[Recorded data]
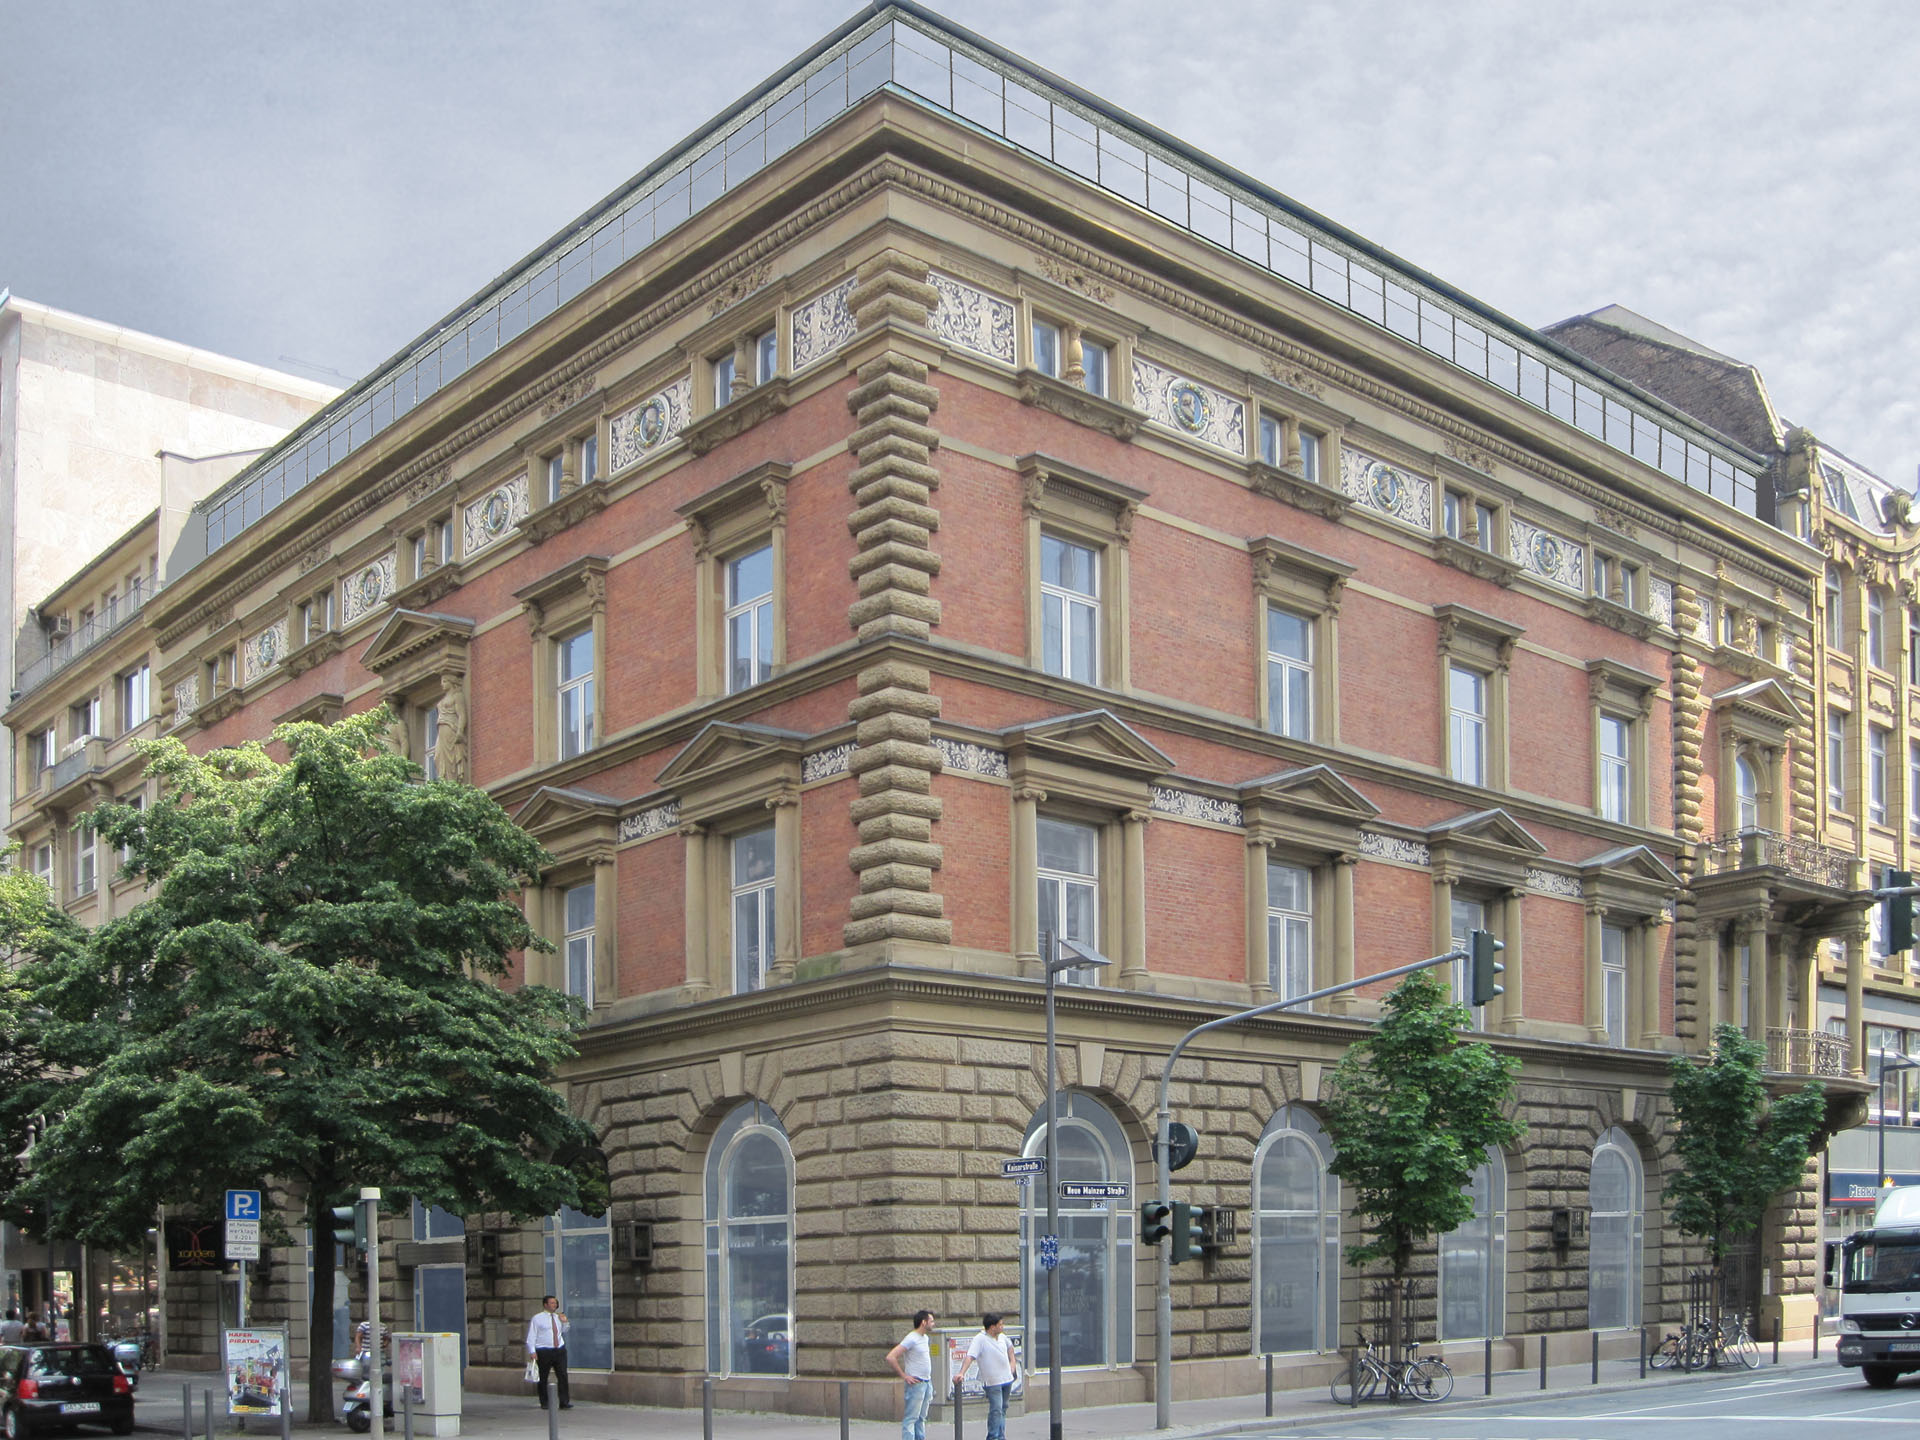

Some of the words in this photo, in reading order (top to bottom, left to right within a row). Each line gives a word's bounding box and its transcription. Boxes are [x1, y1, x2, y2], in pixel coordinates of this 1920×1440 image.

[1067, 1186, 1081, 1195] Neue
[1083, 1186, 1105, 1195] Mainzer
[1107, 1186, 1124, 1196] Straße
[1849, 1184, 1876, 1198] MERKU
[234, 1194, 253, 1216] P
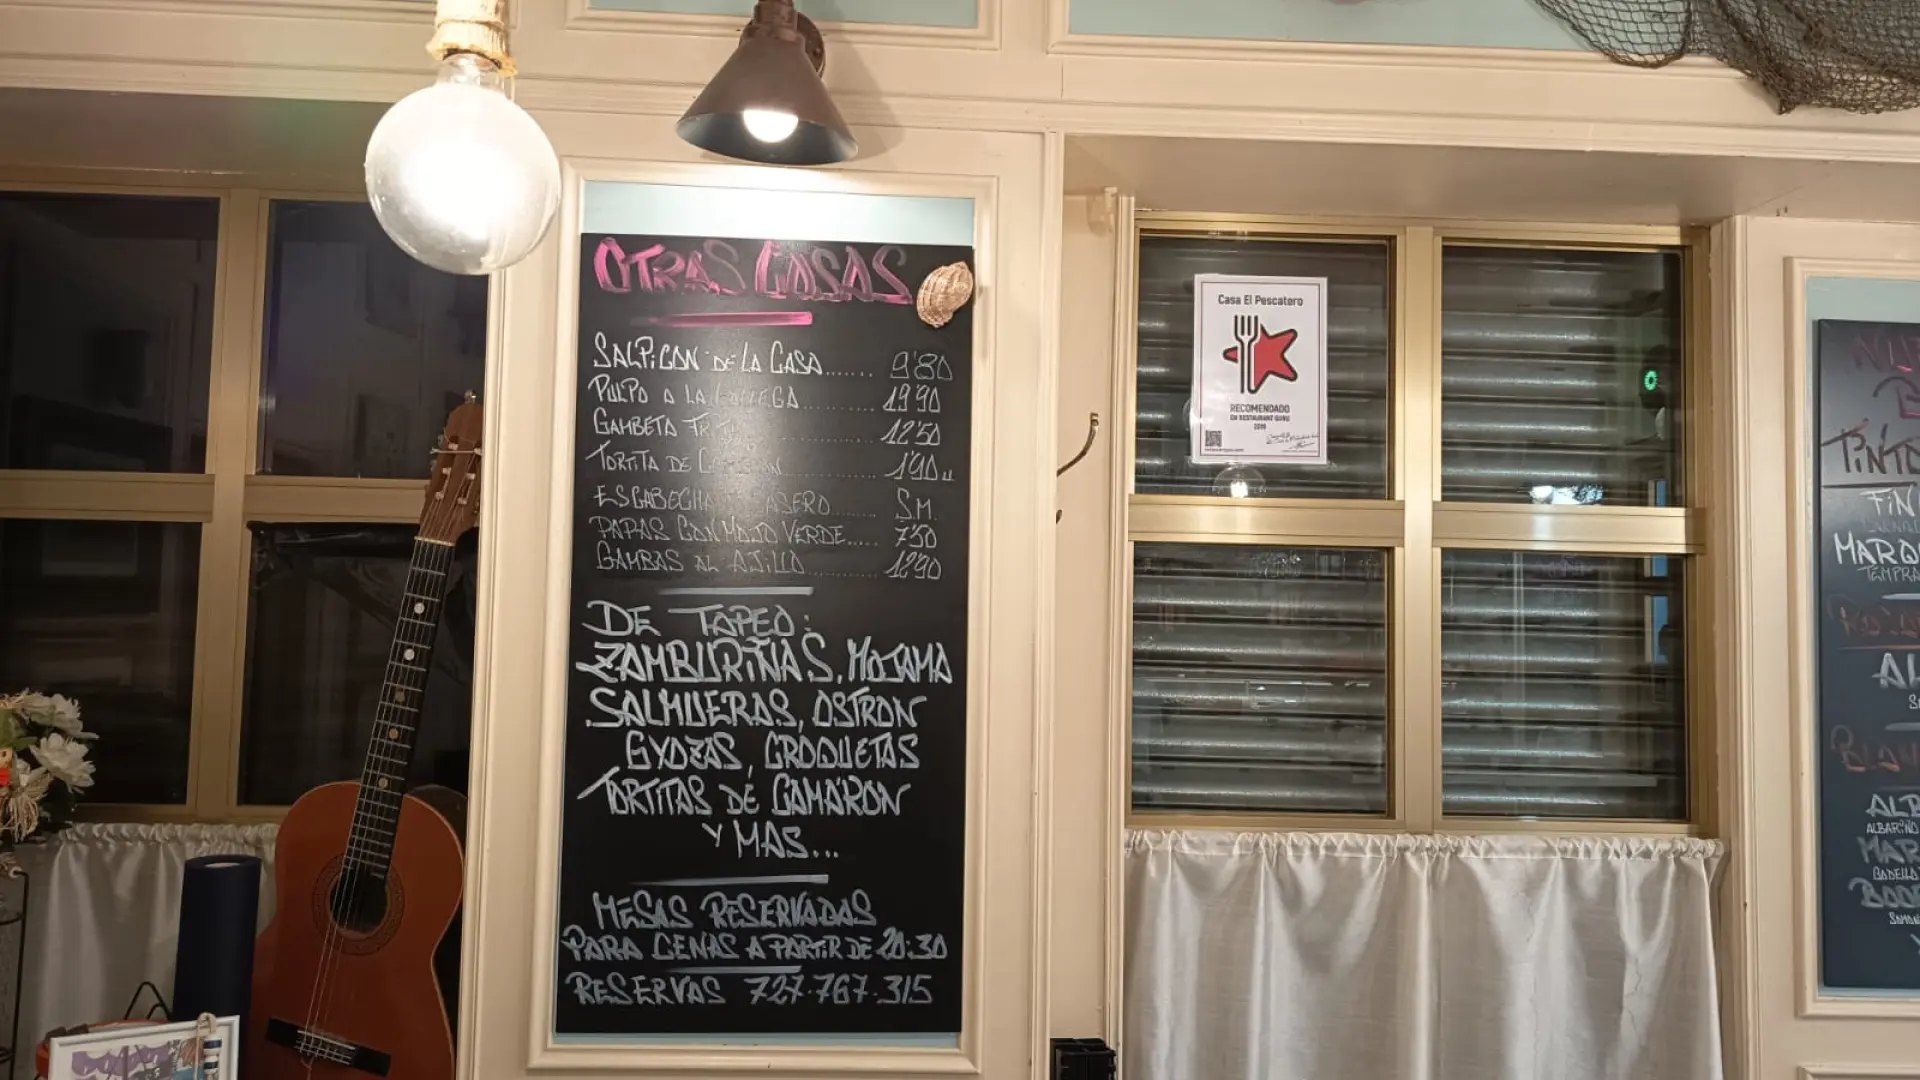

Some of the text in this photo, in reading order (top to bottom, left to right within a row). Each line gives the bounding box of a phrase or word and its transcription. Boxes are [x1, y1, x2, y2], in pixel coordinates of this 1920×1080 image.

[594, 237, 913, 304] OTRAS COSAS
[1218, 294, 1304, 307] Casa El Pescatero
[711, 353, 737, 372] DE
[741, 341, 762, 374] LA
[770, 339, 824, 377] CASA
[890, 351, 953, 381] 9'80
[587, 373, 649, 403] PULPO
[664, 388, 676, 404] A
[685, 383, 707, 405] LA
[883, 382, 941, 413] 19'90
[1230, 404, 1291, 414] RECOMENDADO
[593, 407, 678, 437] GAMBETA
[880, 418, 941, 446] 12'50
[585, 440, 660, 475] TORTITA
[666, 454, 692, 473] DE
[588, 515, 672, 541] PAPAS
[677, 514, 721, 543] CON
[721, 515, 779, 544] MOJO
[781, 519, 846, 547] VERDE
[1834, 530, 1920, 566] MARQ
[595, 540, 685, 572] GAMBAS
[693, 555, 720, 573] AL
[727, 548, 806, 574] AJILLO
[582, 600, 661, 636] DE
[847, 636, 953, 685] MOJAMA
[813, 686, 927, 728] OSTRON
[764, 729, 920, 770] CROQUETAS
[577, 766, 714, 816] TORTITAS
[702, 822, 723, 847] Y
[592, 888, 877, 930] MESAS RESERVADAS
[561, 924, 644, 961] PARA
[652, 929, 740, 961] CENAS
[746, 934, 766, 960] A
[761, 933, 844, 960] PARTIR
[845, 936, 873, 960] DE
[565, 971, 726, 1005] RESERVAS

[What you need to do] Write the lines out verbatim, from the one with "Some of the text" through the last line of the entries, and stop there.

[Answer below]
Some of the text in this photo, in reading order (top to bottom, left to right within a row). Each line gives the bounding box of a phrase or word and its transcription. Boxes are [x1, y1, x2, y2], in pixel coordinates of this 1920×1080 image.

[594, 237, 913, 304] OTRAS COSAS
[1218, 294, 1304, 307] Casa El Pescatero
[711, 353, 737, 372] DE
[741, 341, 762, 374] LA
[770, 339, 824, 377] CASA
[890, 351, 953, 381] 9'80
[587, 373, 649, 403] PULPO
[664, 388, 676, 404] A
[685, 383, 707, 405] LA
[883, 382, 941, 413] 19'90
[1230, 404, 1291, 414] RECOMENDADO
[593, 407, 678, 437] GAMBETA
[880, 418, 941, 446] 12'50
[585, 440, 660, 475] TORTITA
[666, 454, 692, 473] DE
[588, 515, 672, 541] PAPAS
[677, 514, 721, 543] CON
[721, 515, 779, 544] MOJO
[781, 519, 846, 547] VERDE
[1834, 530, 1920, 566] MARQ
[595, 540, 685, 572] GAMBAS
[693, 555, 720, 573] AL
[727, 548, 806, 574] AJILLO
[582, 600, 661, 636] DE
[847, 636, 953, 685] MOJAMA
[813, 686, 927, 728] OSTRON
[764, 729, 920, 770] CROQUETAS
[577, 766, 714, 816] TORTITAS
[702, 822, 723, 847] Y
[592, 888, 877, 930] MESAS RESERVADAS
[561, 924, 644, 961] PARA
[652, 929, 740, 961] CENAS
[746, 934, 766, 960] A
[761, 933, 844, 960] PARTIR
[845, 936, 873, 960] DE
[565, 971, 726, 1005] RESERVAS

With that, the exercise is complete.